Furthermore, to avoid data detection within the sheet, the threat actor disperses and hides formulas in it to use formula macro before hiding the sheet. It also sets up a sheet protection measure so that the user cannot view the sheet. Users must refrain from opening document files from unknown and untrusted sources. It is recommended to switch on real-time antivirus protection to keep any malware at bay.

4. The FTX hack: An on-chain spoofing attack

The collapse of the doomed crypto exchange, FTX, after it filed for bankruptcy on Nov 11, worsens as over $450 million worth of assets were drained just moments after it went bankrupt. A crypto analyst claimed that the recent movement of funds is said to be on-chain token spoofing. The tokens were quickly converted to Ether, the second-largest cryptocurrency, a popular technique used by hackers to prevent their funds from being seized.
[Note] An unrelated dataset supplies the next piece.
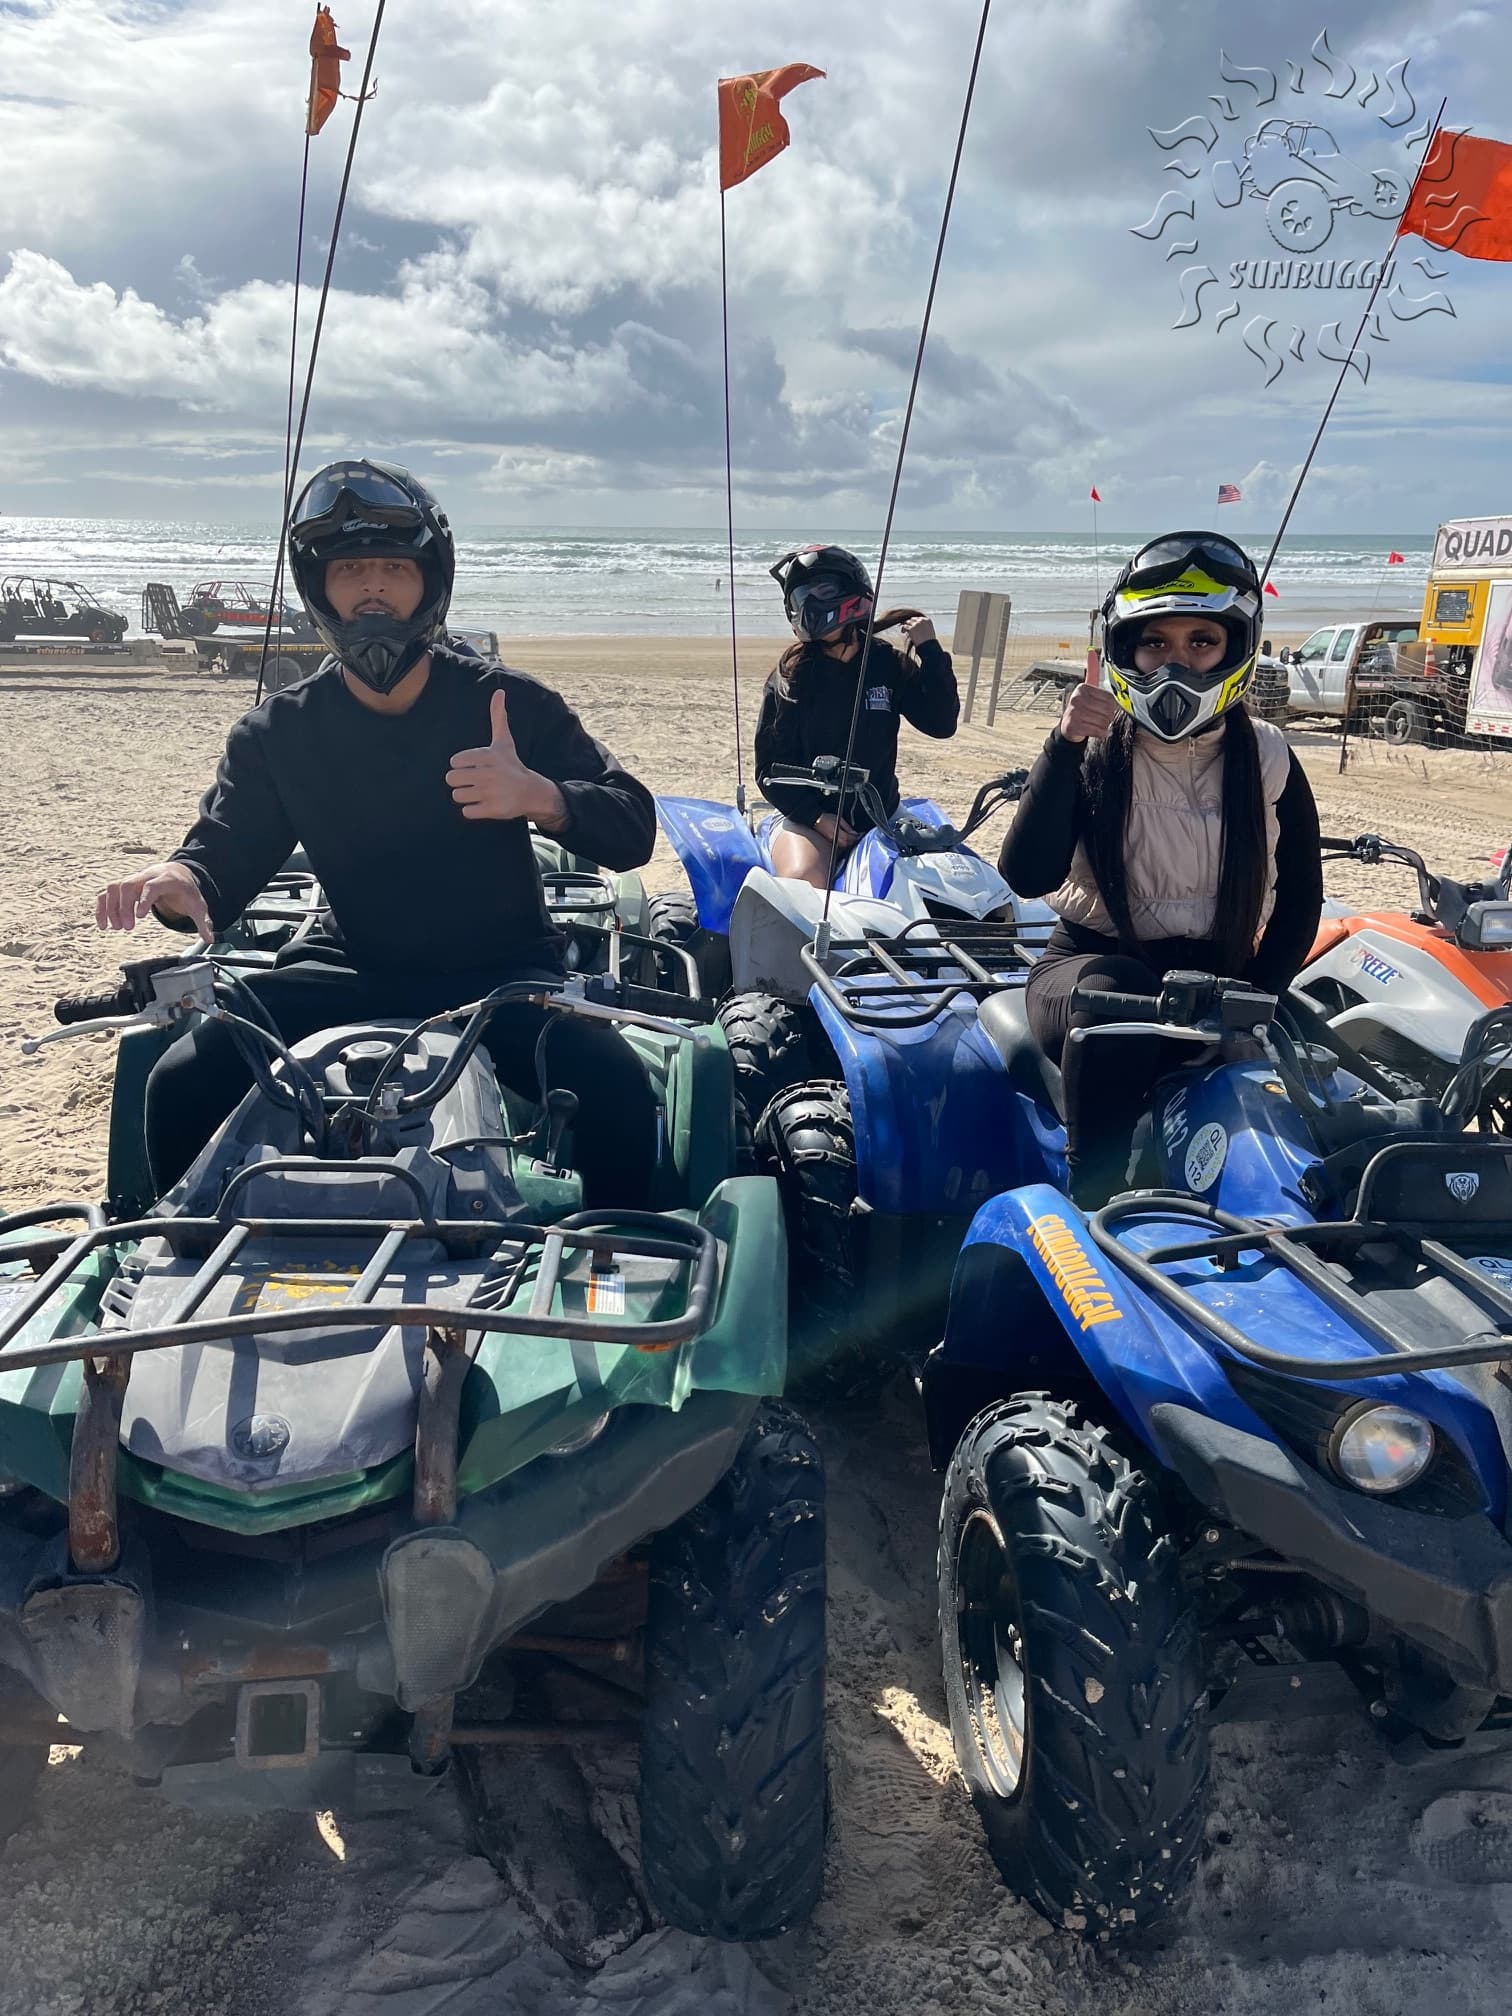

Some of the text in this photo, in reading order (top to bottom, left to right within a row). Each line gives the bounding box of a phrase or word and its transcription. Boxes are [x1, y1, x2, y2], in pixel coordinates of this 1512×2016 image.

[1445, 528, 1512, 561] QUAD
[1210, 1129, 1223, 1152] QL
[1188, 1160, 1202, 1186] 112
The ERC-20 standard “transfer” and “transfer from” functions can be modified to allow any arbitrary address to be the sender of tokens, if this is specified within the smart contract, resulting in a token being transferred from a different address than the one that initiated the transaction. These tokens can be sent to any address and then sent out of that address without the owner having any control over those tokens. As a precautionary measure, the exchange had initiated steps to move all digital assets to cold storage. Users are advised not to log on to the site which might expose them to further attacks.

5. UAC-0118 (FRwL) using the Somnia malware

An attack campaign targeted at infiltrating Ukrainian enterprises and permanently encrypting their files has been discovered by the Ukrainian CERT (CERT-UA). They are using a particular variant of the Somnia ransomware to achieve it. According to the findings, the initial breach was caused by downloading and running a file that appeared to be the “Advanced IP Scanner” application but actually contained Vidar malware.

When encrypting files, the ransomware added the .somnia extension to the files. After utilizing a VPN to acquire remote access to the organization’s computer network, the attackers ran the Cobalt Strike Beacon software, carried out reconnaissance, and exfiltrated data. It is recommended to enable automatic software updates whenever possible. This will ensure that software updates are installed as quickly as possible.